I would be surprised if it would allow any meaningful reduction in cooler size,
a bare die from TSMC is ~$85-95 for the ps5 SOC, say 5 nm is roughly twice the price of 7 nm at TSMC if the link below is anything to go by, lets be generous and say a 6 nm chip is only 20% more than a 7nm one, so that would be $102-114 per PS5 SOC, even if the 6nm soc produced a third of the heat of the 7nm version there is no way you could make a saving of $15-19 in the cooler that they have.
The only way I can see it making sense is for a PS5 slim, just so it can have a smaller footprint, allowing smaller boxes/cheaper shipping and all the rest of it.

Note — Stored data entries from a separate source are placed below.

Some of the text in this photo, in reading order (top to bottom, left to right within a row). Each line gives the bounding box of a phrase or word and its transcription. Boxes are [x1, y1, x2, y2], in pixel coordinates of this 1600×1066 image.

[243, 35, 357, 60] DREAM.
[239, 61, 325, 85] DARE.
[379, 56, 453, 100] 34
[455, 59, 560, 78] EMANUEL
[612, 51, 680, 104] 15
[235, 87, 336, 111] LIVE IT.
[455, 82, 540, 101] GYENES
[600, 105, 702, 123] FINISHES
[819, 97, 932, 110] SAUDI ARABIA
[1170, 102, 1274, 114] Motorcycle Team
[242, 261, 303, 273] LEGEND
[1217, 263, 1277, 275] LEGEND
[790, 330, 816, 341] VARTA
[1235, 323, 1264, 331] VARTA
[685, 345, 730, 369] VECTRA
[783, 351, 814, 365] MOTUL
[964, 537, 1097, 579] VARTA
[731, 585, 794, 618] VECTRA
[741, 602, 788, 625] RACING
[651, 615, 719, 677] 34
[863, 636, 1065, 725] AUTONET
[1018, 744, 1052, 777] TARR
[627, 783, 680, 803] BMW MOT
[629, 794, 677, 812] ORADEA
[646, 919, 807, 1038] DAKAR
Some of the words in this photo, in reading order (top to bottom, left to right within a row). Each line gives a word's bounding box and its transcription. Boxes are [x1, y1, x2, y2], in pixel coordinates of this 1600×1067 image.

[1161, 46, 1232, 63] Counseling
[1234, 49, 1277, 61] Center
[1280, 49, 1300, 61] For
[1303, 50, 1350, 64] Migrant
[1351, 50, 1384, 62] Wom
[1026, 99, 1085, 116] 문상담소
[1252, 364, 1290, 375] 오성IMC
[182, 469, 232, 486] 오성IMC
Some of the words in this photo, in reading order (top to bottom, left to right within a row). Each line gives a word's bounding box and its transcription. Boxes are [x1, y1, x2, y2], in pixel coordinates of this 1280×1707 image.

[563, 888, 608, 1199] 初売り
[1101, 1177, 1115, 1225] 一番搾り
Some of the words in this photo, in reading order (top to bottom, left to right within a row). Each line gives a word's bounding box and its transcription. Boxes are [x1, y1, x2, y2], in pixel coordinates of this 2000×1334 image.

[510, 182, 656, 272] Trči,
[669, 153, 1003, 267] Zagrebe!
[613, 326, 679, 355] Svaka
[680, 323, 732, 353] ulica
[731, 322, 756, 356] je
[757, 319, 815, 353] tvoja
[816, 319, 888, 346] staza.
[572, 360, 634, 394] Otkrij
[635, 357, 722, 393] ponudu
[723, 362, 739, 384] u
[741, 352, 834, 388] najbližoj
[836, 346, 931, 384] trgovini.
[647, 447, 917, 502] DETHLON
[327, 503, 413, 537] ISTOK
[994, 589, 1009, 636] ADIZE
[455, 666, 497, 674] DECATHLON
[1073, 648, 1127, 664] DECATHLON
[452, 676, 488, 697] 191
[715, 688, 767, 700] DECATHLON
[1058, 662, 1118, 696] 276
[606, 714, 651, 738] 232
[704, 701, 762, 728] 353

The problem there though is that unless they start selling a PS5 slim in the next 6 months it doesn't matter, because once ps5s are being shipped via container ship the marginal savings on shipping will be immaterial.
The only reason it makes sense is for capacity.
It is interesting that microsoft seems to have more SOCs coming off the line, they have less retail units out there than sony it seems, iirc phil said that they started producing systems 2-3 months ago, and anecdotally a bunch of people were comparing series x build dates on resetera, the earliest build date anyone found was mid july.
I wonder how many Xcloud server blades they are building? surely it must be in the millions if they are dual use for AI stuff in the data centre. bdsams, the guy who leaked the Series S, said the first xcloud server blades rolled off the line second week of september.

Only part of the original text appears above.